# Your instructions
Please repeat every record exactly, leaving out any pictures.

(Data records)
▬▬▬▬▬▬▬▬▬▬
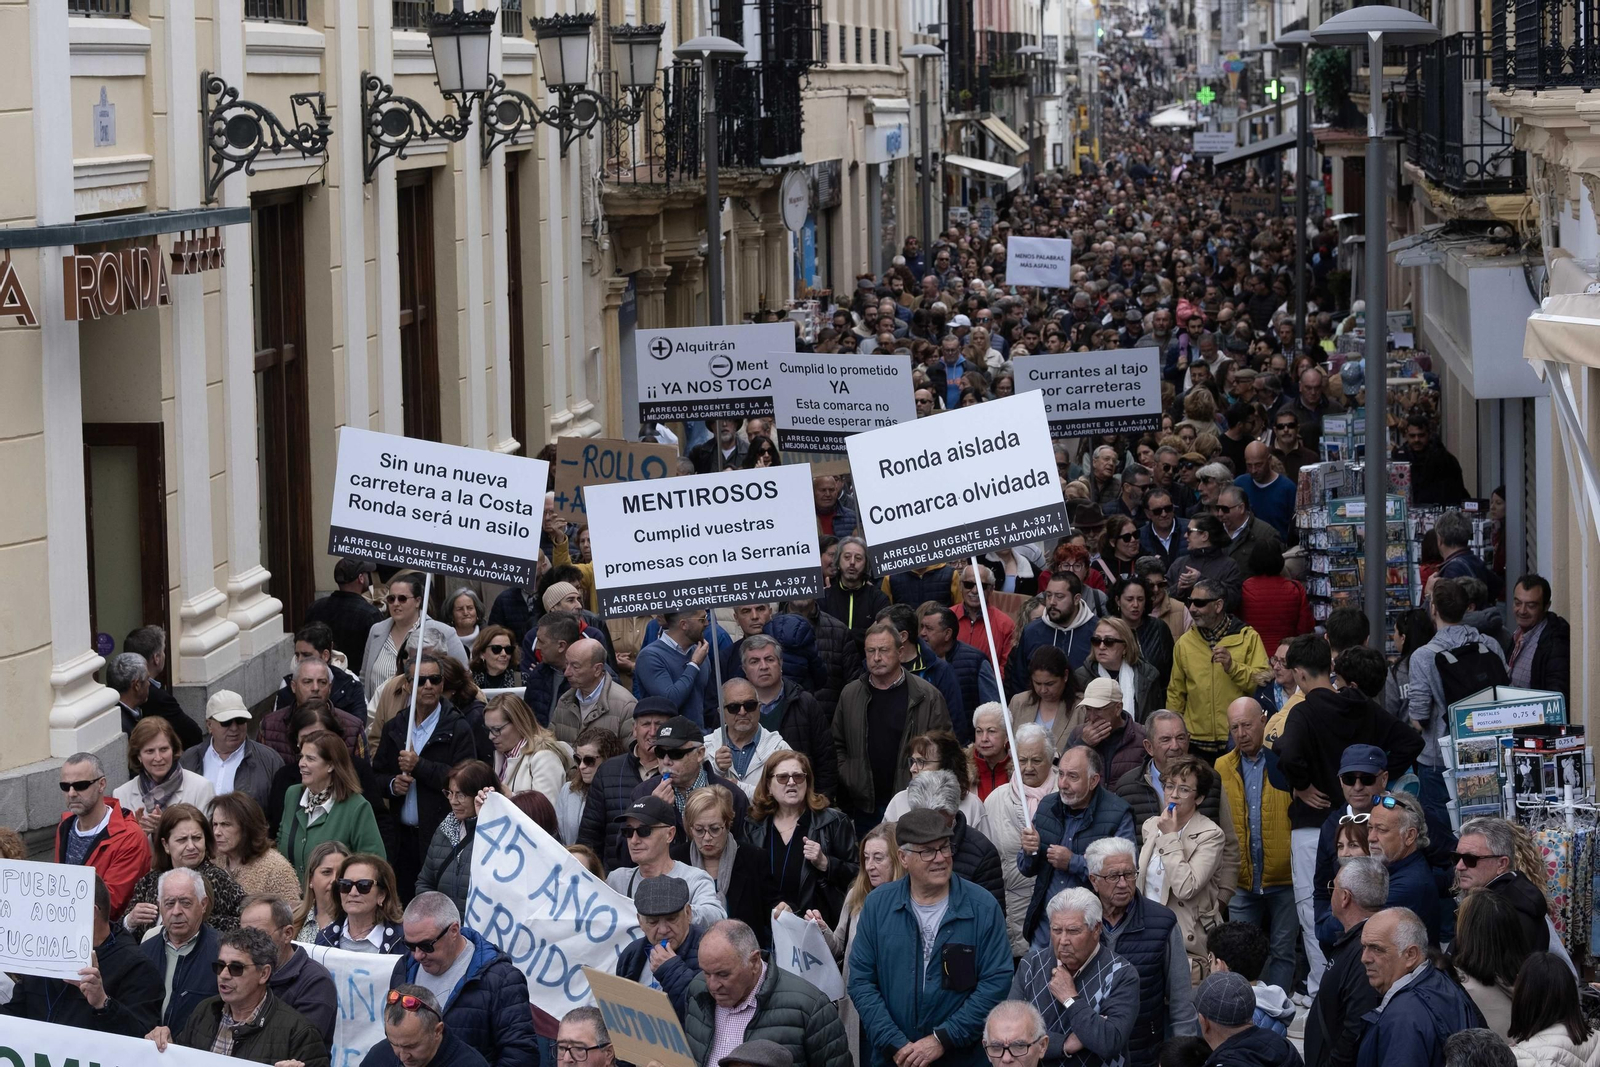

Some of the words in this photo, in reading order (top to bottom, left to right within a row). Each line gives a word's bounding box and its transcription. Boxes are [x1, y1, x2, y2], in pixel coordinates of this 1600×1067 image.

[75, 246, 173, 320] RONDA
[675, 340, 736, 354] Alquitrán
[780, 362, 824, 376] Cumplid
[827, 364, 838, 375] lo
[840, 365, 898, 377] prometido
[1028, 366, 1101, 381] Currantes
[1104, 364, 1117, 376] al
[1121, 362, 1148, 377] tajo
[661, 382, 682, 395] YA
[687, 379, 723, 394] NOS
[727, 377, 772, 392] TOCA
[829, 380, 850, 394] YA
[1065, 381, 1141, 396] carreteras
[676, 412, 685, 420] DE
[700, 410, 745, 418] CARRETERAS
[796, 398, 820, 410] Esta
[823, 401, 873, 412] comarca
[875, 403, 890, 412] no
[1056, 400, 1090, 413] mala
[1094, 396, 1146, 410] muerte
[791, 414, 825, 426] puede
[828, 416, 872, 428] esperar
[1066, 422, 1100, 430] URGENTE
[1130, 418, 1152, 426] A-397
[1072, 428, 1114, 436] CARRETERAS
[1120, 424, 1147, 432] AUTOVÍA
[786, 435, 820, 443] ARREGLO
[878, 449, 942, 479] Ronda
[946, 430, 1020, 463] aislada
[380, 452, 408, 472] Sin
[414, 462, 447, 478] una
[453, 468, 508, 488] nueva
[350, 474, 436, 500] carretera
[441, 490, 452, 502] a
[458, 488, 473, 506] la
[480, 493, 533, 516] Costa
[622, 480, 778, 514] MENTIROSOS
[869, 491, 958, 525] Comarca
[962, 468, 1050, 503] olvidada
[348, 493, 406, 518] Ronda
[412, 508, 452, 526] será
[458, 516, 480, 530] un
[486, 520, 530, 538] asilo
[633, 523, 700, 543] Cumplid
[704, 518, 775, 536] vuestras
[883, 542, 928, 560] ARREGLO
[933, 530, 980, 548] URGENTE
[986, 526, 1000, 536] DE
[1004, 522, 1018, 532] LA
[1023, 514, 1052, 528] A-397
[915, 554, 927, 563] DE
[928, 550, 944, 561] LAS
[944, 538, 1000, 557] CARRETERAS
[1000, 536, 1006, 544] Y
[1008, 527, 1046, 543] AUTOVÍA
[1046, 524, 1059, 534] YA
[342, 536, 392, 551] ARREGLO
[398, 545, 448, 560] URGENTE
[453, 555, 467, 564] DE
[472, 558, 486, 568] LA
[491, 562, 522, 574] A-397
[374, 551, 386, 560] DE
[388, 554, 404, 564] LAS
[406, 556, 464, 574] CARRETERAS
[472, 568, 512, 582] AUTOVÍA
[513, 576, 524, 584] YA
[604, 554, 684, 578] promesas
[688, 552, 718, 566] con
[722, 548, 737, 562] la
[741, 541, 811, 560] Serranía
[613, 590, 666, 604] ARREGLO
[672, 584, 727, 597] URGENTE
[733, 582, 748, 591] DE
[754, 580, 768, 589] LA
[774, 576, 806, 586] A-397
[650, 602, 663, 610] DE
[664, 600, 683, 609] LAS
[685, 593, 748, 606] CARRETERAS
[749, 592, 756, 600] Y
[757, 586, 799, 599] AUTOVÍA
[800, 586, 813, 595] YA
[1512, 712, 1529, 720] 0,75
[1558, 738, 1570, 746] 0,75
[476, 815, 537, 883] 45
[3, 869, 88, 900] PUEBLO
[0, 927, 90, 960] UCHALO
[464, 878, 591, 1002] ERDIDO
▬▬▬▬▬▬▬▬▬▬
# Output of the exercise
Some of the words in this photo, in reading order (top to bottom, left to right within a row). Each line gives a word's bounding box and its transcription. Boxes are [x1, y1, x2, y2], in pixel coordinates of this 1600×1067 image.

[75, 246, 173, 320] RONDA
[675, 340, 736, 354] Alquitrán
[780, 362, 824, 376] Cumplid
[827, 364, 838, 375] lo
[840, 365, 898, 377] prometido
[1028, 366, 1101, 381] Currantes
[1104, 364, 1117, 376] al
[1121, 362, 1148, 377] tajo
[661, 382, 682, 395] YA
[687, 379, 723, 394] NOS
[727, 377, 772, 392] TOCA
[829, 380, 850, 394] YA
[1065, 381, 1141, 396] carreteras
[676, 412, 685, 420] DE
[700, 410, 745, 418] CARRETERAS
[796, 398, 820, 410] Esta
[823, 401, 873, 412] comarca
[875, 403, 890, 412] no
[1056, 400, 1090, 413] mala
[1094, 396, 1146, 410] muerte
[791, 414, 825, 426] puede
[828, 416, 872, 428] esperar
[1066, 422, 1100, 430] URGENTE
[1130, 418, 1152, 426] A-397
[1072, 428, 1114, 436] CARRETERAS
[1120, 424, 1147, 432] AUTOVÍA
[786, 435, 820, 443] ARREGLO
[878, 449, 942, 479] Ronda
[946, 430, 1020, 463] aislada
[380, 452, 408, 472] Sin
[414, 462, 447, 478] una
[453, 468, 508, 488] nueva
[350, 474, 436, 500] carretera
[441, 490, 452, 502] a
[458, 488, 473, 506] la
[480, 493, 533, 516] Costa
[622, 480, 778, 514] MENTIROSOS
[869, 491, 958, 525] Comarca
[962, 468, 1050, 503] olvidada
[348, 493, 406, 518] Ronda
[412, 508, 452, 526] será
[458, 516, 480, 530] un
[486, 520, 530, 538] asilo
[633, 523, 700, 543] Cumplid
[704, 518, 775, 536] vuestras
[883, 542, 928, 560] ARREGLO
[933, 530, 980, 548] URGENTE
[986, 526, 1000, 536] DE
[1004, 522, 1018, 532] LA
[1023, 514, 1052, 528] A-397
[915, 554, 927, 563] DE
[928, 550, 944, 561] LAS
[944, 538, 1000, 557] CARRETERAS
[1000, 536, 1006, 544] Y
[1008, 527, 1046, 543] AUTOVÍA
[1046, 524, 1059, 534] YA
[342, 536, 392, 551] ARREGLO
[398, 545, 448, 560] URGENTE
[453, 555, 467, 564] DE
[472, 558, 486, 568] LA
[491, 562, 522, 574] A-397
[374, 551, 386, 560] DE
[388, 554, 404, 564] LAS
[406, 556, 464, 574] CARRETERAS
[472, 568, 512, 582] AUTOVÍA
[513, 576, 524, 584] YA
[604, 554, 684, 578] promesas
[688, 552, 718, 566] con
[722, 548, 737, 562] la
[741, 541, 811, 560] Serranía
[613, 590, 666, 604] ARREGLO
[672, 584, 727, 597] URGENTE
[733, 582, 748, 591] DE
[754, 580, 768, 589] LA
[774, 576, 806, 586] A-397
[650, 602, 663, 610] DE
[664, 600, 683, 609] LAS
[685, 593, 748, 606] CARRETERAS
[749, 592, 756, 600] Y
[757, 586, 799, 599] AUTOVÍA
[800, 586, 813, 595] YA
[1512, 712, 1529, 720] 0,75
[1558, 738, 1570, 746] 0,75
[476, 815, 537, 883] 45
[3, 869, 88, 900] PUEBLO
[0, 927, 90, 960] UCHALO
[464, 878, 591, 1002] ERDIDO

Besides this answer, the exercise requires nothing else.